L’impossible mission de Paul Bremer
Dans son bunker ultrasécurisé, le proconsul américain ne se déplace que sous la protection de gardes du corps. Même pour aller aux toilettes.
Michael Hirsh, de l’hebdomadaire Newsweek, a récemment passé une semaine à Bagdad avec Paul Bremer. Il en témoigne : le job de l’administrateur civil américain est « le plus dur du monde ». Beaucoup plus dur, assurément, que celui du général MacArthur après la Seconde Guerre mondiale. Car pour reconstruire et démocratiser le Japon, celui-ci disposait de deux atouts qui font cruellement défaut au « vice-roi » d’Irak : le temps et la légitimité internationale.
Il reste cinq mois avant la tenue d’élections censées déboucher sur la mise en place d’un gouvernement irakien réellement représentatif. Une « course contre la montre » un peu folle. Notre confrère raconte.
« Une bombe vient d’exploser tout près de là. Les portes de son bureau tremblent, mais Bremer ne bronche pas. La suite, la suite. La suite, c’est un début de pénurie de blé à laquelle il faut remédier, les réserves de diesel qui baissent… Bremer rentre tout juste du siège des Nations unies, à New York, où il a présenté à Kofi Annan les excuses de l’administration Bush et demandé une aide pour étouffer dans l’oeuf la revendication chiite d’une consultation au suffrage direct. Il s’apprête à rencontrer les représentants de la communauté kurde. Ceux-ci veulent leur autonomie dans le Nord et il pousse à un accord. La suite, la suite. « Cinq minutes de pause-déjeuner, Monsieur. » Un adjudant lui apporte un plateau-repas. Sur le coin de son bureau, Bremer engloutit une portion de poulet gélatineux accompagné de riz, sans quitter des yeux l’écran bleuté de son ordinateur. »

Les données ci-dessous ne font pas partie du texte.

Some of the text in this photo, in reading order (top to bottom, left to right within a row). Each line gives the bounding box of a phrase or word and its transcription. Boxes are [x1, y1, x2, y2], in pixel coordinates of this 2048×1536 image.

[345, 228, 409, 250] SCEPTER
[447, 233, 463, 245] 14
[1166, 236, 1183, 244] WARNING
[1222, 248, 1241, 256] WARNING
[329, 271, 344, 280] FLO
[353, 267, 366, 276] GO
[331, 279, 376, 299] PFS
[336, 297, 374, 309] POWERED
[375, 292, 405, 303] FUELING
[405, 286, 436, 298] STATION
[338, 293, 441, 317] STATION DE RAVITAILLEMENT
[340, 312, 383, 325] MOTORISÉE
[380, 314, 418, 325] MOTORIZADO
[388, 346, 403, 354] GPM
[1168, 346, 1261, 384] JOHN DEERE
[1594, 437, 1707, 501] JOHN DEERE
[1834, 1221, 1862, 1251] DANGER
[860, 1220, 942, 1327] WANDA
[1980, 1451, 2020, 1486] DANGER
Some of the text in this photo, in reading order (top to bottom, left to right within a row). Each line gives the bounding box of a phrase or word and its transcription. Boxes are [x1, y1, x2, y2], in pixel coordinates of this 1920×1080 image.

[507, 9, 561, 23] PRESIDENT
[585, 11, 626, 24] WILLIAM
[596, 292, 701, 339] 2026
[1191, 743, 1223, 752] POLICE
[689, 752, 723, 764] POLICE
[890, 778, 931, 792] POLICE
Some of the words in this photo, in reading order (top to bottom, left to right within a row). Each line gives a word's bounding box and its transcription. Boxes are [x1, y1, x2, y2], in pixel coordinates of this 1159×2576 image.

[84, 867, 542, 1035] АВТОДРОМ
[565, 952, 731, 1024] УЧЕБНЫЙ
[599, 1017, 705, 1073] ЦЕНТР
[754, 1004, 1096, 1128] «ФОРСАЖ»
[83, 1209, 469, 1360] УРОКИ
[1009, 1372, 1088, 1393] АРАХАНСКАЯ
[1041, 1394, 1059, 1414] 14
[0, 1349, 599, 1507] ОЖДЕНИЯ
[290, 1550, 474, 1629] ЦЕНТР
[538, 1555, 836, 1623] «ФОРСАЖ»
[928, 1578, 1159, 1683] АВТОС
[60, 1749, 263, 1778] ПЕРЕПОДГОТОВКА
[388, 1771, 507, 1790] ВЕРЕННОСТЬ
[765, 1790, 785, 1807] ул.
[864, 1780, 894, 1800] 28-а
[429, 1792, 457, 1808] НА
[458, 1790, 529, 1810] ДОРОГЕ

Il reste cinq mois et tant à faire. La formation de la nouvelle police, de la nouvelle armée et de la nouvelle force de défense civile… La mise en place de conseils de village, d’une agence anticorruption, d’une inspection générale de l’administration… La création d’hôpitaux, d’écoles, de réseaux de tout-à-l’égout… Au total, quelque 17 500 projets ont été lancés ou sont en passe de l’être, s’effare Newsweek. Bremer et ses collaborateurs travaillent entre seize et dix-huit heures par jour. Ils ne rêvent que d’une chose : dormir.
Mais le problème numéro un, bien sûr, reste la sécurité. « Bremer étant perçu par les Irakiens comme le chef d’une force d’occupation, sa vie est en permanence menacée, écrit Michael Hirsh. Sa protection rapprochée est plus imposante encore que celle dont bénéficie George W. Bush, son patron. Son QG, dans un ancien palais présidentiel de Saddam Hussein, est protégé par un réseau concentrique de murs antiexplosions, de barbelés et de chicanes pour contraindre les véhicules à ralentir. La superficie de cette « zone verte » ultrasécurisée avoisine 7 km2. Des troupes et des véhicules blindés y patrouillent en permanence. Mais le risque d’infiltration de terroristes déguisés en employés de l’Autorité provisoire de la coalition est si grand que, jusqu’au sein de sa bulle protectrice, Bremer doit être en permanence accompagné de quatre gardes du corps fort peu avenants. Et armés jusqu’aux dents. Même pour se rendre aux toilettes, à quelques pas de son bureau ! »
Pourtant, l’administrateur civil s’efforce de convaincre les militaires américains que « gagner les coeurs et les esprits [des Irakiens] est au moins aussi important que la sécurité ». Il continue de croire à l’émergence d’un nouvel Irak, miraculeusement transformé en allié fidèle de l’Amérique. Son espoir est que le transfert de l’autorité aux Irakiens, le 30 juin, puis le repli des troupes américaines dans des bases situées à l’extérieur des villes provoquera l’essoufflement progressif de l’insurrection. « Peut-être les Irakiens se souviendront-ils un jour de leurs libérateurs avec affection », dit-il. On peut estimer qu’il se berce d’illusions, mais, comme le dit son vieil ami l’ancien secrétaire d’État Henry Kissinger : « Si quelqu’un est volontaire pour prendre sa place, qu’il n’hésite surtout pas. » Les candidats ne devraient pas se bousculer au portillon.